Sugary snacks do taste good, but they really aren’t good for you…  Of course, I don’t have them much anymore.

The thing about working on weight loss and dietary change is that setbacks can and WILL occur.  A setback does not mean failure.  Only quitting means failure.  The Mayo Clinic has a nice article (click here) that tells how to deal with weight loss setbacks.

Taking Control

Let’s face it, life gets in the way.  Body pains frustrate. Stress or depression push at you.  Sometimes that tasty looking cheesy meaty pizza draws you in.  But, this is just a setback or a pitfall.  Mayo Clinic provides the following points:

  • Take Charge – Accept responsibility for your own behavior. You can get back on track.
  • Buy Time – Try distracting yourself from your urge to eat — call a friend or take the dog for a walk. If the craving still doesn’t pass, review your goals and engage in a fun, mood-elevating activity.
  • Be Gentle With Yourself – Practice Self-forgiveness
  • Ask For and Accept Help – Accepting help from others isn’t a sign of weakness, nor does it mean that you’re failing.
  • Work Out Guilt and Frustration with Exercise – Use it to elevate your mood and recommit to your goals. Never use it as punishment for a lapse.
  • Problem Solve as You Go – Instead of criticizing yourself, clearly identify the problem, and then create a list of possible solutions.
  • Recommit Your Goals – Review your weight-loss goals and make sure they’re still realistic.

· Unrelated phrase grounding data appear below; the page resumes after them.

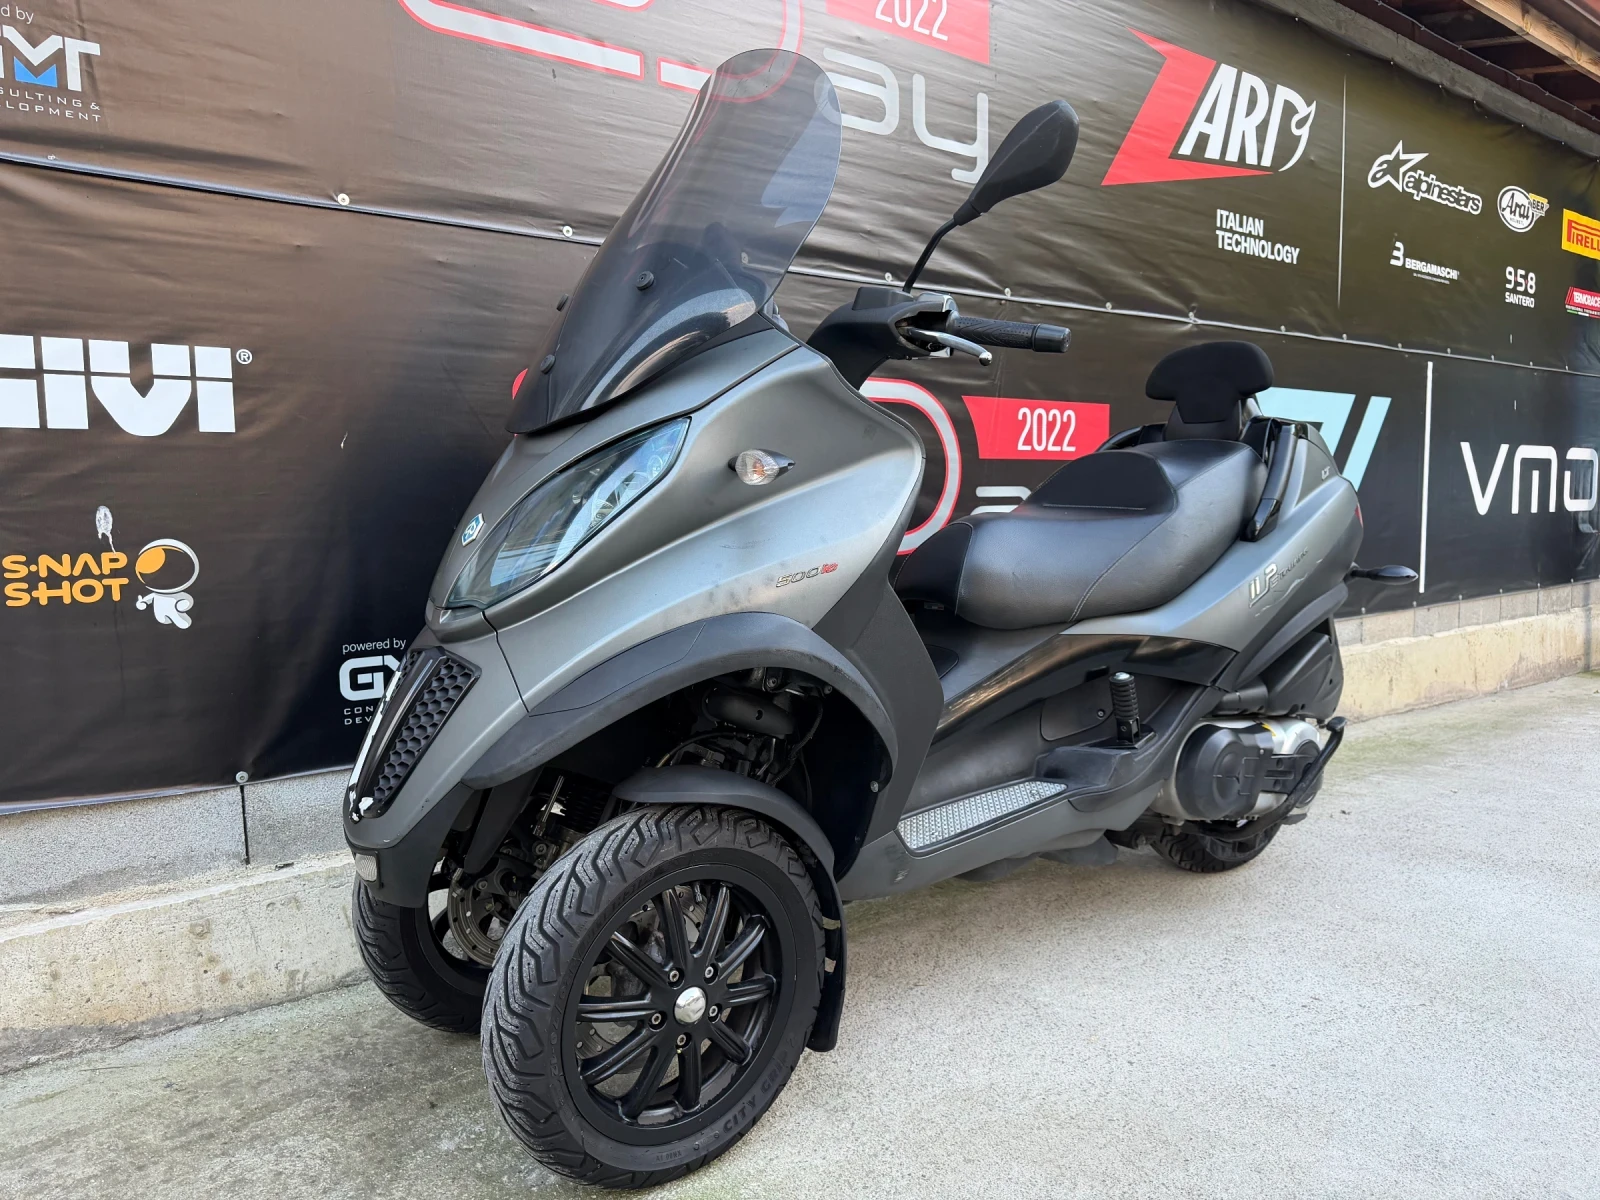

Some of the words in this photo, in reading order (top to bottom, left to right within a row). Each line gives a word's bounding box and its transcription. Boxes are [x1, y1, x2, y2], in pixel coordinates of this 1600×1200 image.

[15, 6, 34, 24] by
[0, 24, 101, 92] MT
[0, 100, 101, 122] LOPMENT
[1403, 169, 1483, 215] alpinestars
[1216, 208, 1264, 237] ITALIAN
[1215, 229, 1300, 265] TECHNOLOGY
[1404, 257, 1459, 280] BERGAMASCHI
[1504, 291, 1535, 309] SANTERO
[1017, 407, 1077, 452] 2022
[3, 577, 130, 607] SHOT
[342, 638, 390, 655] powered
[392, 637, 407, 650] by
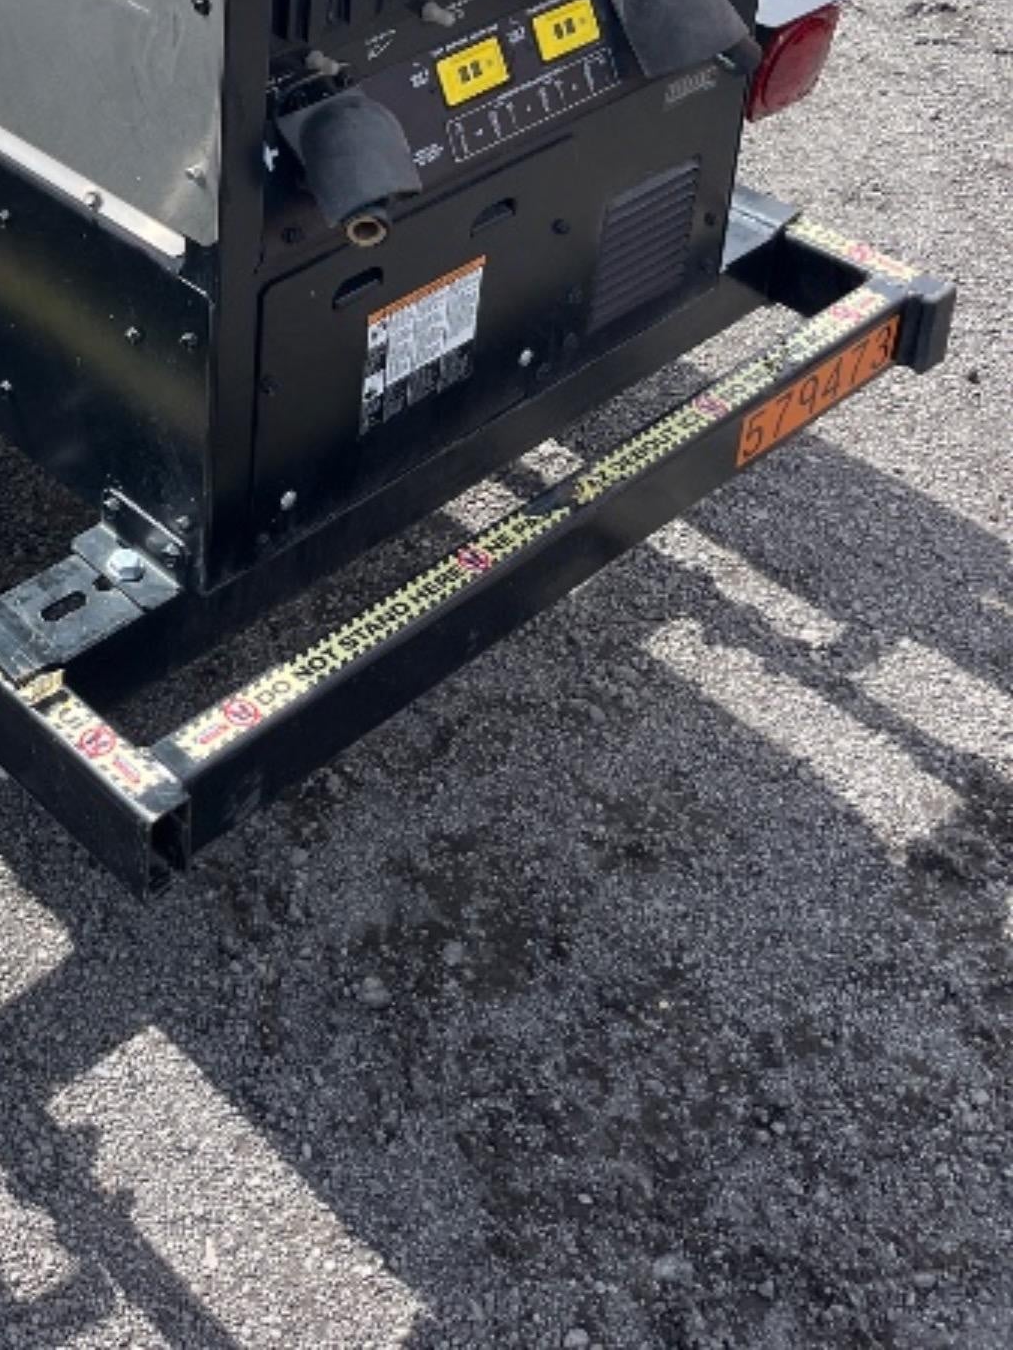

As far as my goals are concerned, I have set an initial goal to be at 350 pounds by the end of July.  That is a lofty goal!!  That means losing 1/2 pound every day. I am not on track.  But, I am progressing.

What I do is set STEP GOALS for myself.  I want to be under 450.  I want to hit the 10 pounds lost mark.  I want to be under 440.  I want to hit the 20 pounds lost mark.  Each of these are smaller, more achievable goals.  I want to walk 12 laps today.  I want to walk 13 laps tomorrow.  Once again, I may not be able to push for two miles, but I can certainly walk one more lap than I did the day before.

And, when I hit a setback, like missing the gym for a couple of days.  I just don’t let myself feel angst over it.  I just recommit and go the next day.

Never Give Up

The key is to Never Give Up.  Setbacks will lead to success unless you give up.

I AM NOT GIVING UP…    except for my weight.  I am happy to give up some weight.